A mesma foto publicada no ano seguinte…
 
 
Lenine teve um Jadnov, Estaline um Beria, Mao não chegou a ter um Yao porque tinha uma Jiang Qing, tão bailarina quanto esquerdista, tão vingativa quanto uma Agripina. Mas em 1976, logo após a morte de Mao, a revolução ruiu como um castelo de cartas e Yao Wenyuan de permeio com os outros três camaradas, agora sob o labéu de Bando dos Quatro, foi sequestrado à entrada de uma reunião do Comité Central, depois arrecadado preventivamente numa cadeia e por fim levado à barra, num julgamento transmitido pela televisão. Não havia perigo de repercussões pois as massas populares vieram para a rua dançar ao saberem da sua detenção. Ao cabo de tantos artigos críticos, Yao Wenyuan terá verificado que não foram os suficientes para educar o proletariado e extirpar-lhe os defeitos burgueses.
 
 
 
 

Cartazes de 1977 denunciando o Bando dos Quatro
 

Curiosamente a justiça da RPC, não sendo famosa pela sua doçura, tratou o Bando dos Quatro com inesperada condescendência. Começou por condená-los à morte, para não destoar da tradição imperial, quer a antiga quer a moderna, mas em vez de os liquidar sumariamente, comutou as penas em prisão perpétua.

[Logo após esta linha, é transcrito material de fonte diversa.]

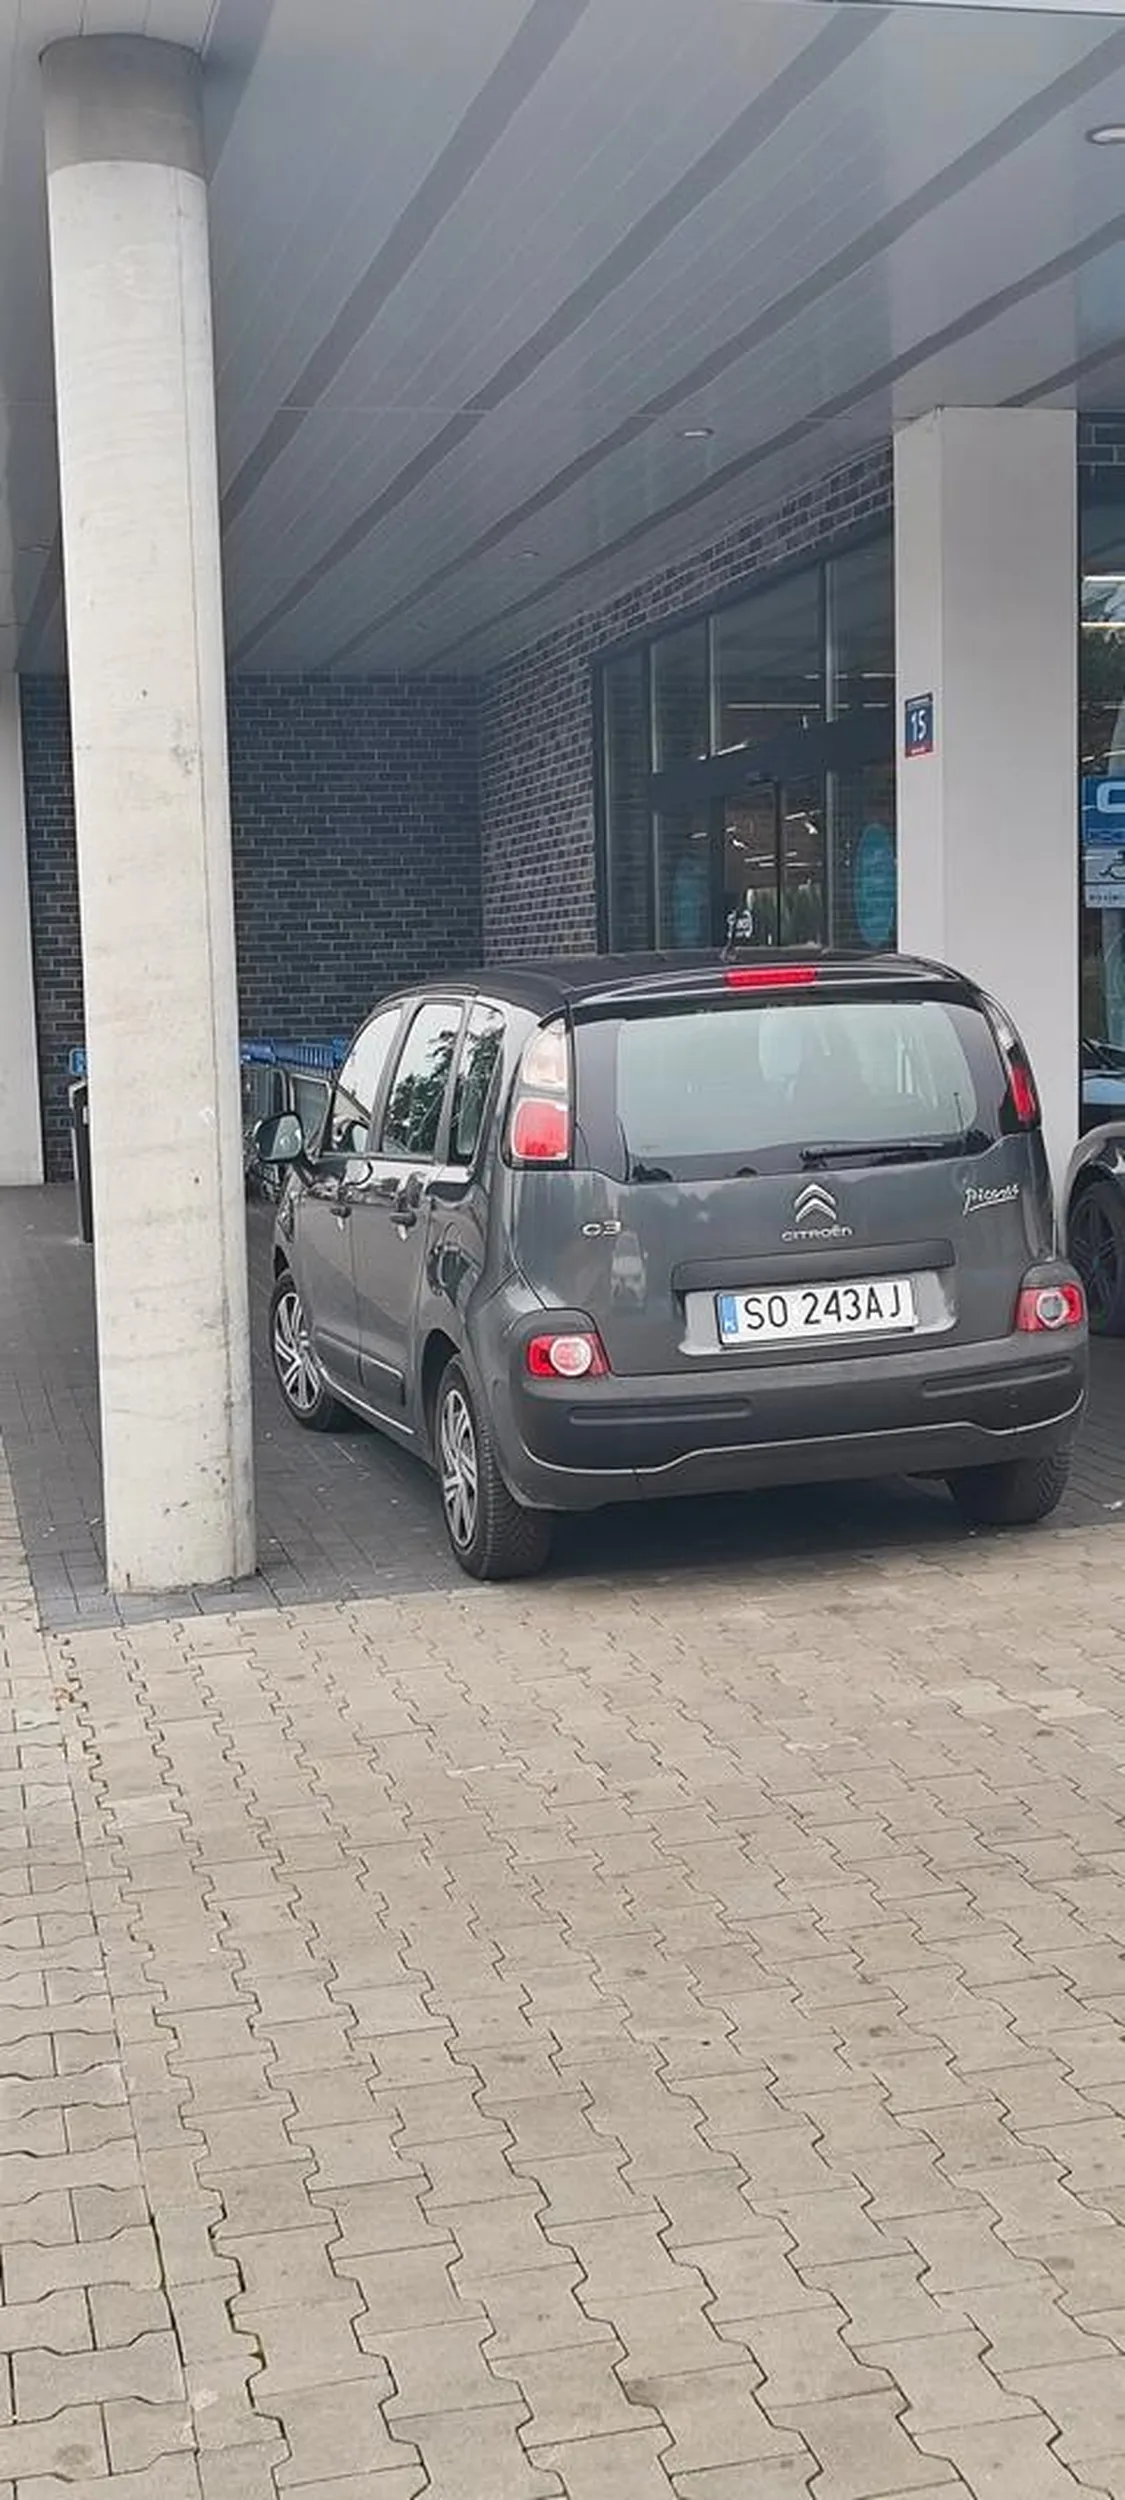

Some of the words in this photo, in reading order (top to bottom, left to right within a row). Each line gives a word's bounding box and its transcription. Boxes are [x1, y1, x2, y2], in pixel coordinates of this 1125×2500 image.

[911, 709, 927, 741] 15
[582, 1220, 621, 1237] C3
[743, 1295, 789, 1331] SO
[801, 1284, 902, 1326] 243AJ

Yao Wenyuan durante o julgamento do bando dos Quatro

 
Yao Wenyuan foi o derradeiro sobrevivente, tendo passado com a máxima discrição os últimos nove anos da sua vida em Xangai, livre mas impedido de comunicar, mirrado e curvado pela tuberculose, sempre envergando a característica indumentária dos seus tempos áureos, o paletó e as calças de sarja cinzenta. Diz-se que estava a escrever um livro e ainda hoje há quem secretamente procure o seu mítico diário, ao que consta iniciado aos 15 anos de idade.
Pois aqui fica, para proveito e exemplo das novas e vivas massas, parte delas sedenta de justiça manual, o que pode um crítico, para mais literário, quando alcandorado às aras do poder, quase absoluto – Yao Wenyuan, o purificador cultural, o mentor radical, o impetuoso retificador dos vícios da sociedade, o idealista de um novo mundo, enfim, que mais dizer senão um simples crítico?